Unfortunately these administrative tasks are multiplying as behavioral health organizations face increasing pressure to conform to insurance companies’ push to integrate “Value-Based Reimbursement,” an initiative mandated by the Affordable Care Act. Insurers, including Medicaid and Medicare, are beginning to require measurable results and outcomes documented on a regular basis to prove that care is working to reduce impairment. If progress is not being made, they won’t pay after a certain point. They will cease to offer their reimbursement to those providers and send the client to another agency or provider.

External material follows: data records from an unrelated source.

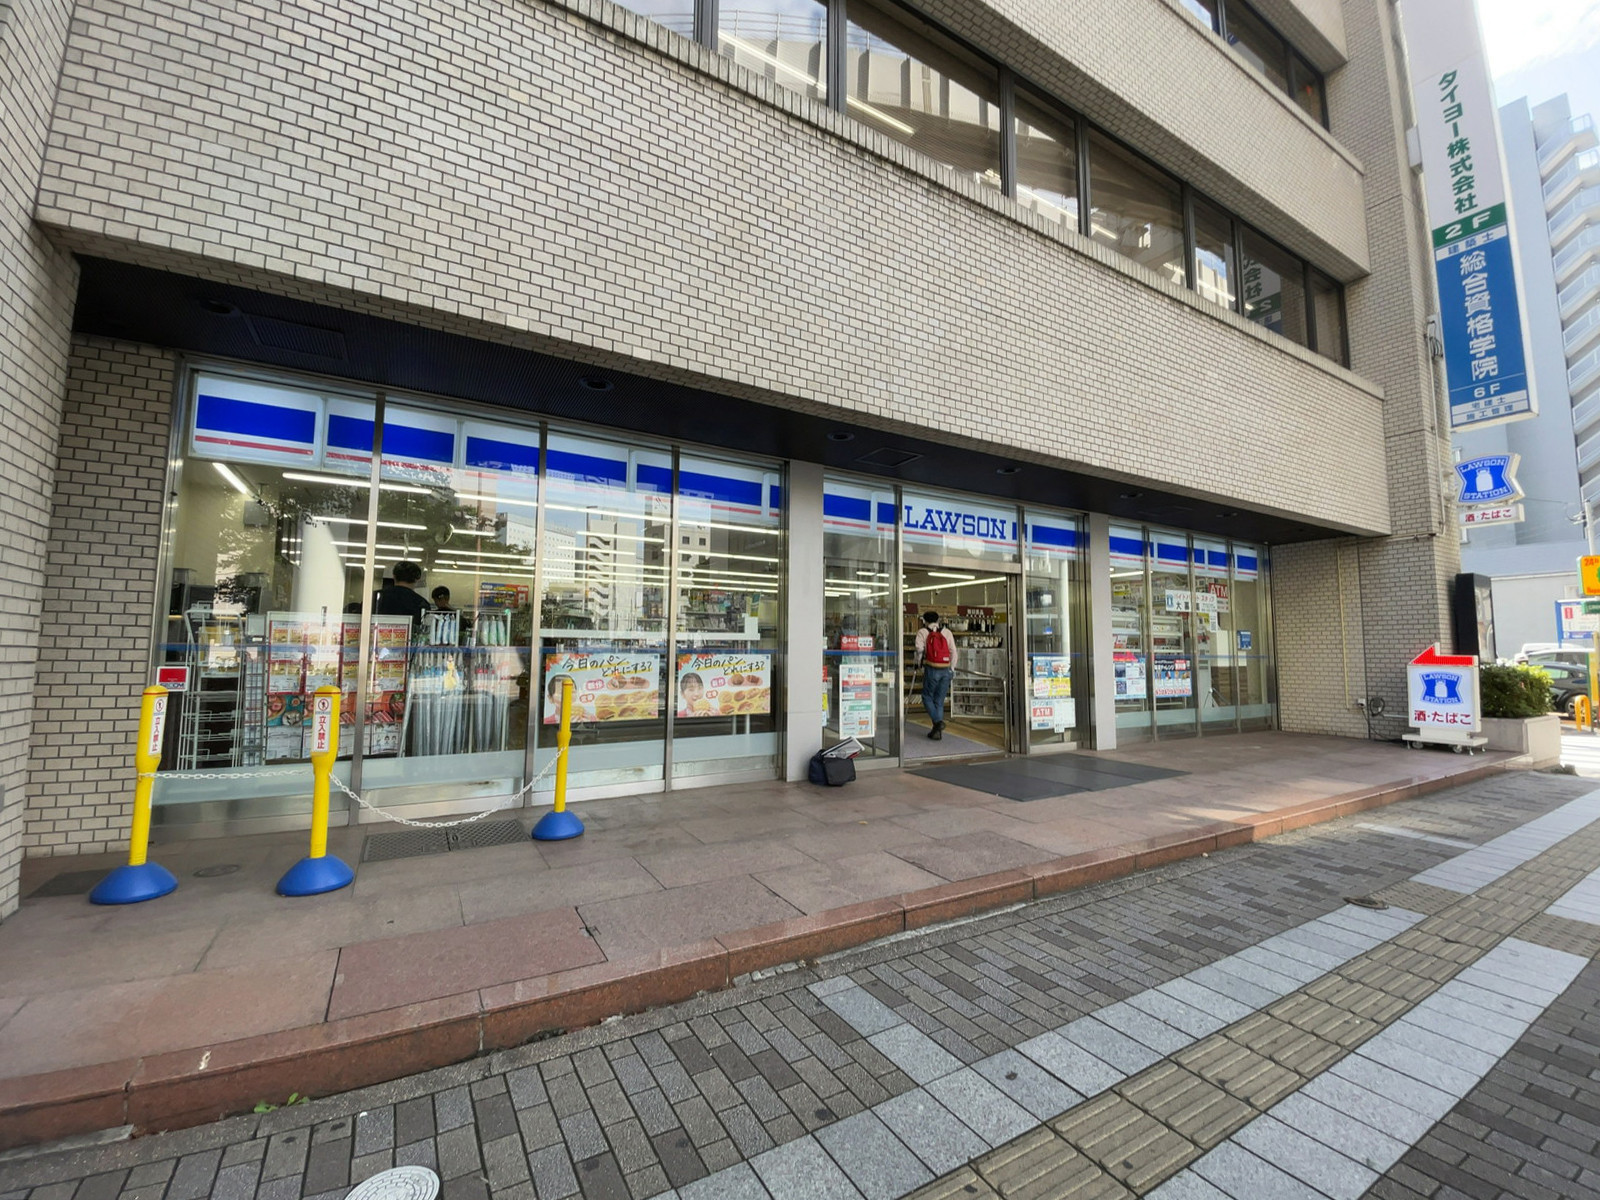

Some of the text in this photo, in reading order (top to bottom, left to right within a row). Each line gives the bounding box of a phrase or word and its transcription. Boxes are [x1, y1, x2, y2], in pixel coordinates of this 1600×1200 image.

[1438, 69, 1478, 215] タイヨー株式会社
[1448, 232, 1494, 255] 建築士
[1459, 250, 1499, 381] 総合資格学院
[1466, 404, 1514, 420] 施工管理
[1460, 458, 1505, 473] LAWSON
[1464, 487, 1508, 499] STATION
[903, 505, 1007, 539] LAWSON
[1465, 509, 1512, 522] 酒・たばこ
[1423, 673, 1459, 681] LAWSON
[1424, 695, 1459, 704] STATION
[1414, 709, 1471, 725] 酒・たばこ
[152, 716, 161, 752] 立入禁止
[317, 715, 327, 749] 立入禁止
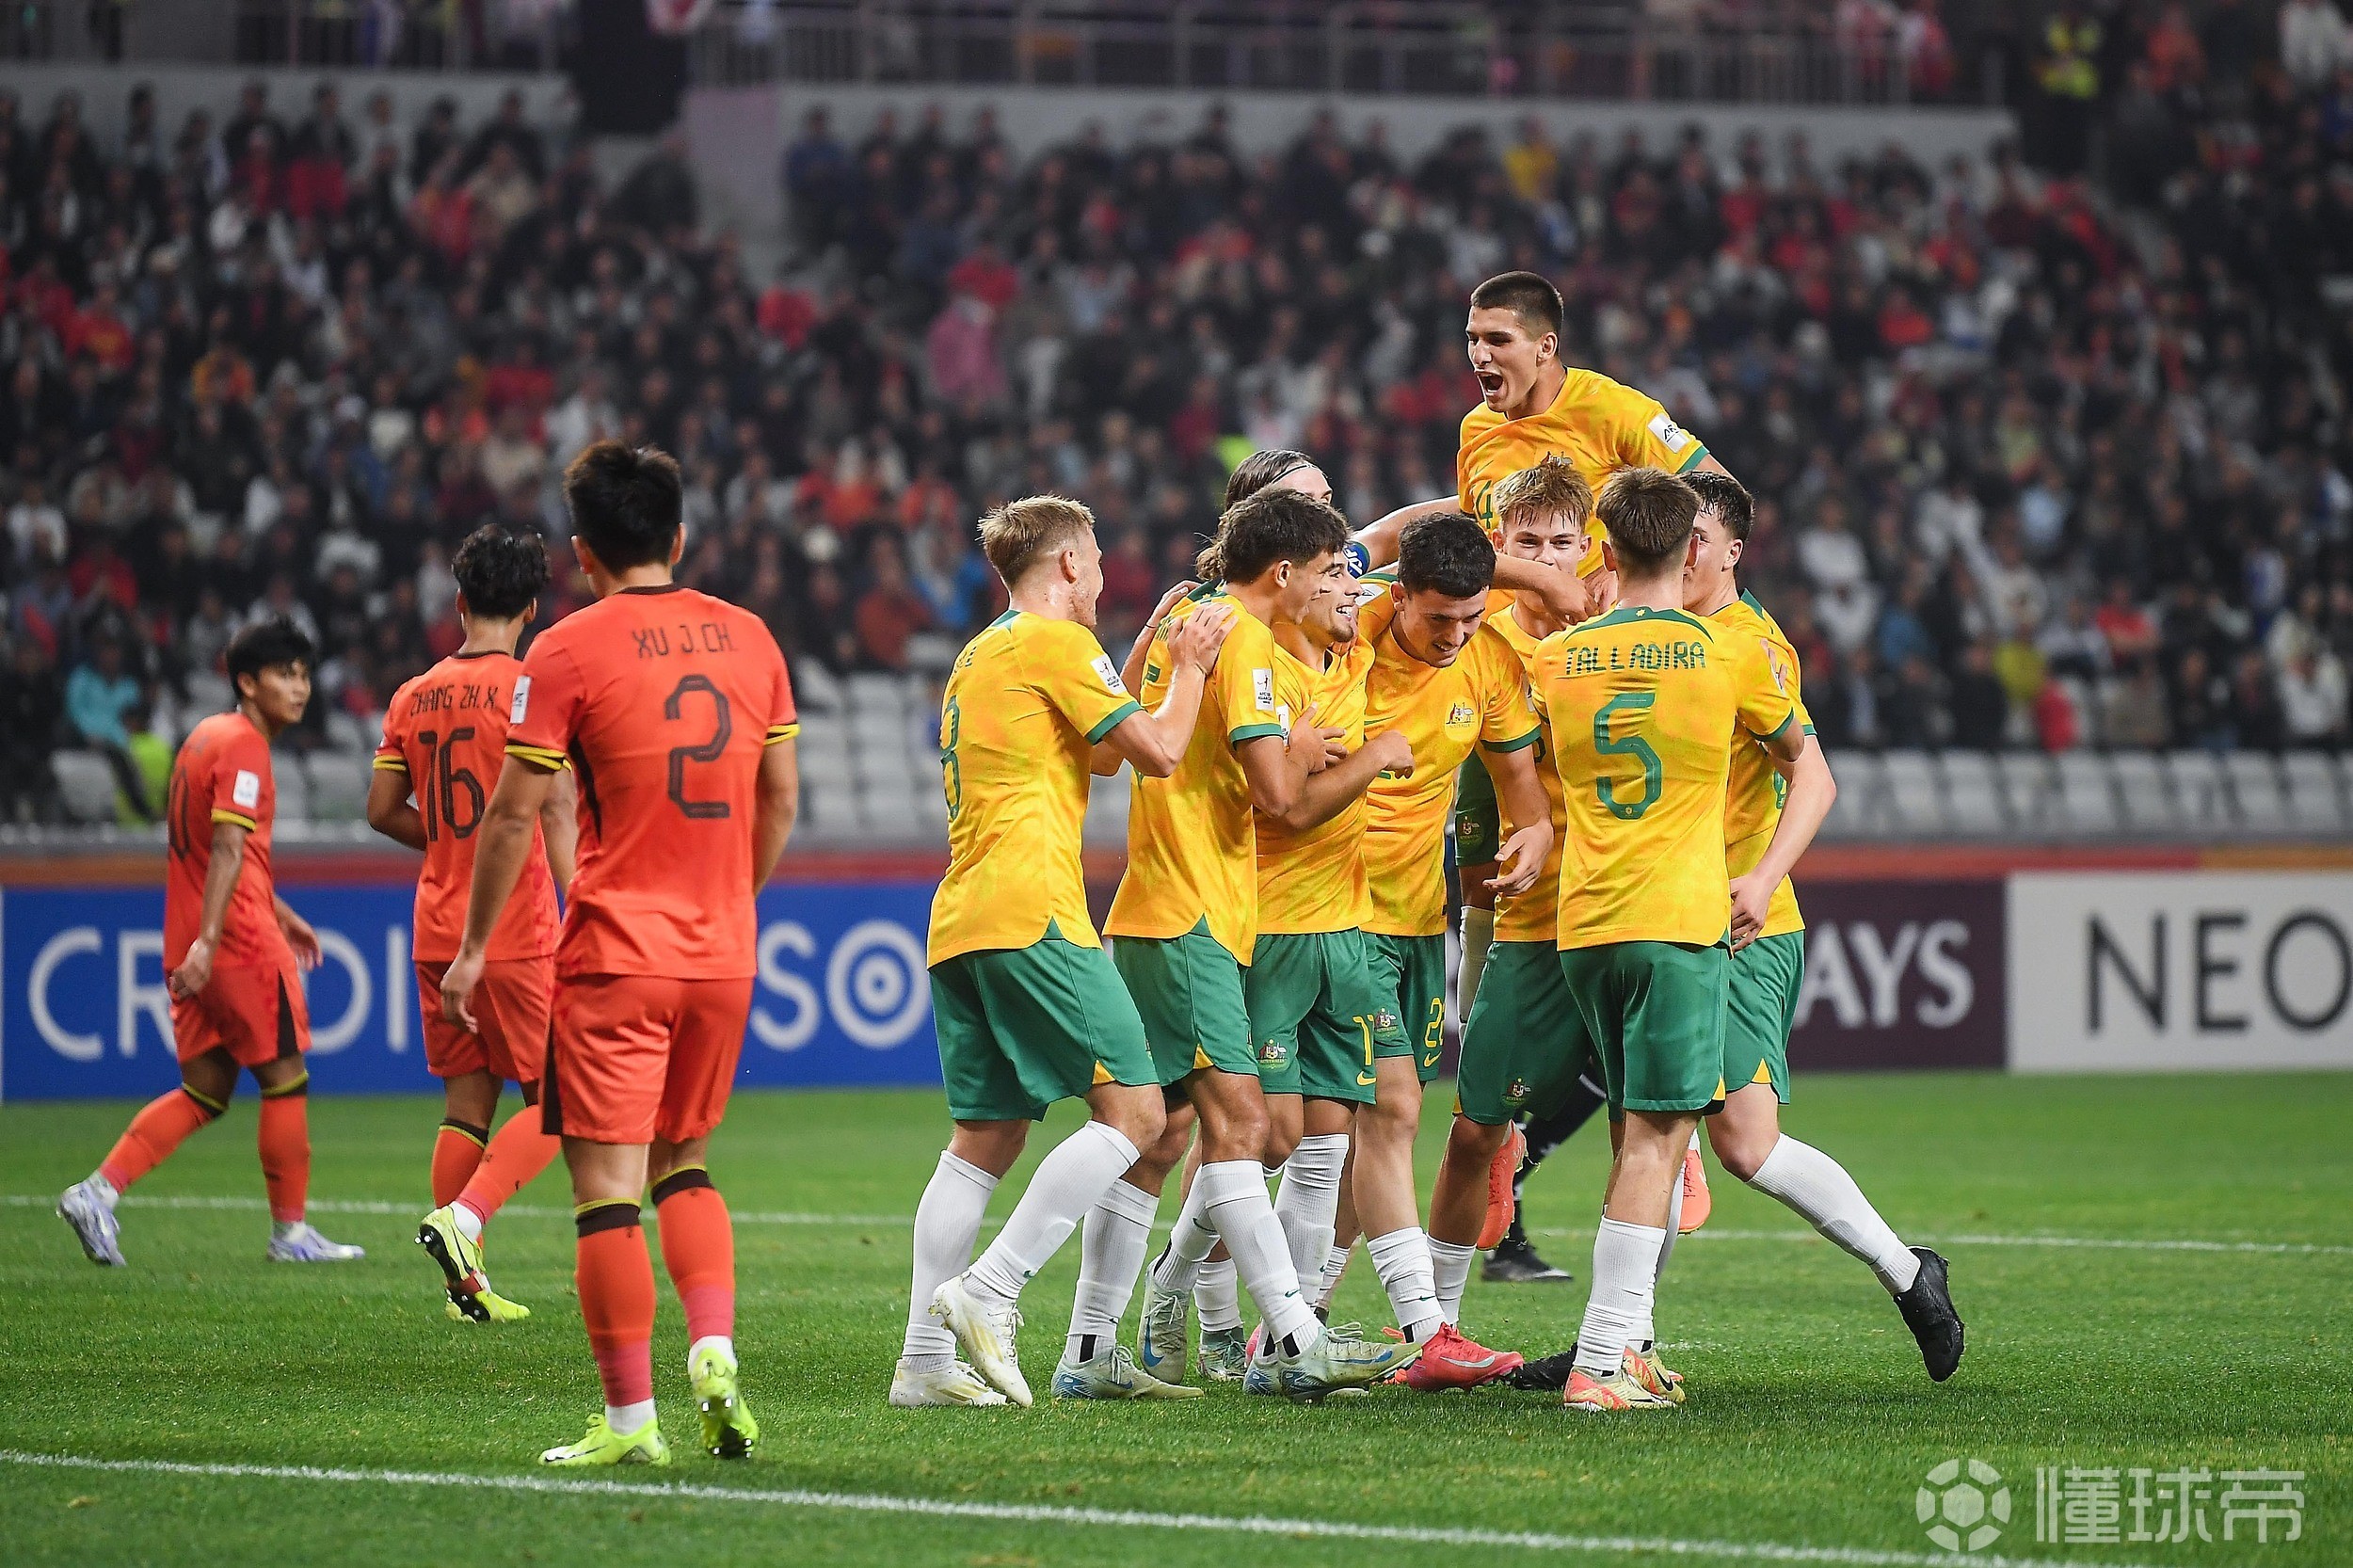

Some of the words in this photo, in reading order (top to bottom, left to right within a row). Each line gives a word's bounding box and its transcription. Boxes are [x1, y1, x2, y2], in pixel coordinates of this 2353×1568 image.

[410, 685, 456, 717] ZHANG
[632, 628, 669, 659] XU
[1565, 641, 1706, 676] TALLADIRA
[418, 727, 486, 842] 16
[664, 674, 732, 819] 2
[1593, 692, 1663, 821] 5
[27, 926, 410, 1062] CRDI
[1790, 920, 1974, 1031] AYS
[2086, 907, 2353, 1034] NEO
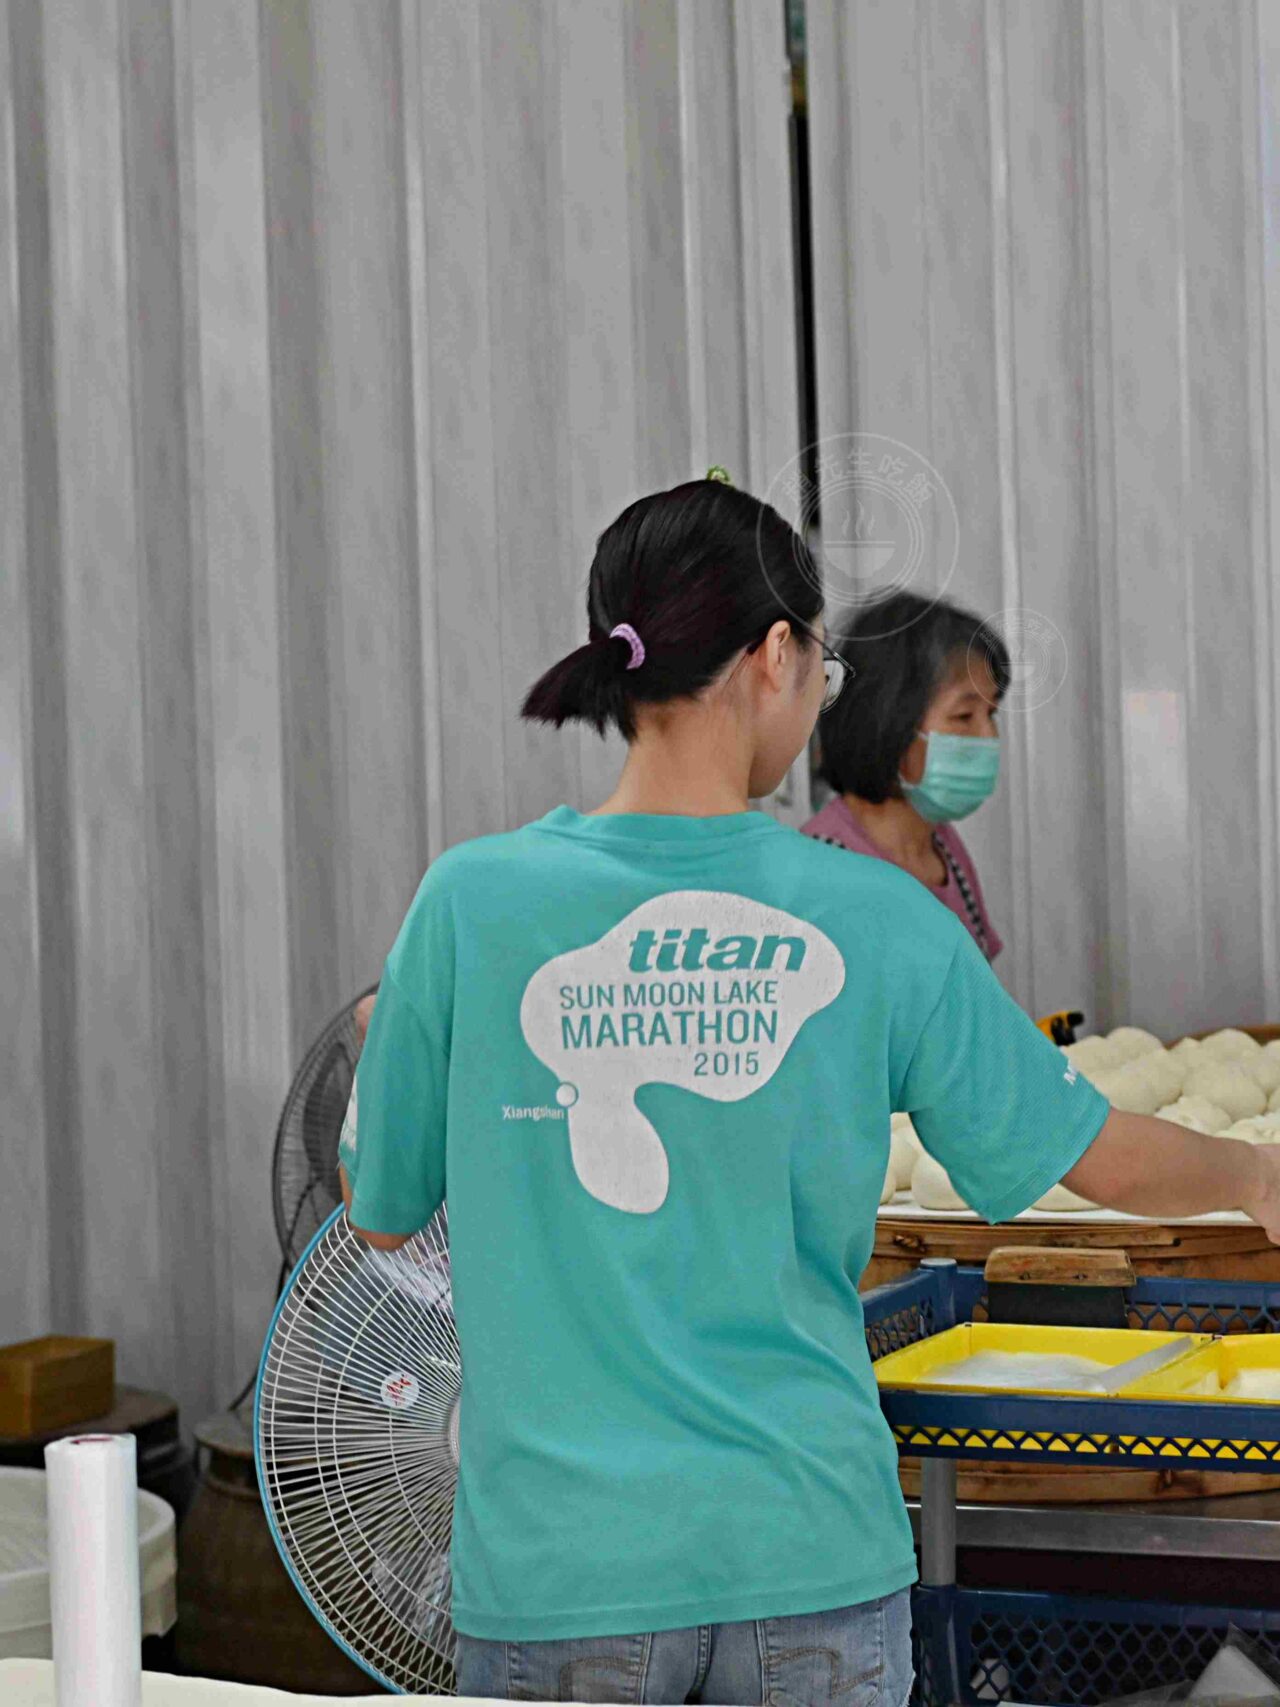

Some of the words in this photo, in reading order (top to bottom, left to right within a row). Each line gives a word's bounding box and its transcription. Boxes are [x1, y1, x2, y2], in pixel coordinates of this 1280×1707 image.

[628, 927, 808, 975] titan
[559, 984, 616, 1009] SUN
[623, 982, 706, 1008] MOON
[712, 979, 779, 1005] LAKE
[560, 1010, 778, 1049] MARATHON
[693, 1051, 761, 1077] 2015
[502, 1104, 565, 1122] Xiangshan

This theoretically makes complete sense. Healthcare providers should be accountable, data-driven, and intentional in their treatment, not simply seeing clients for years on end with no significant progress.

But therapy doesn’t always work on a schedule, and to ascribe a certain expected timeline to someone’s healing process seems to me to be just one more way that capitalism requires systems to place a dollar value on truly unquantifiable processes. For an insurance provider to hypothetically say in essence that under a provider’s care a client isn’t healing from a trauma quickly enough or demonstrating enough improvement in their ability to cope with an ongoing stressor such as an abusive spouse or family member seems to me to be cruel and uncaring toward the realities of the field.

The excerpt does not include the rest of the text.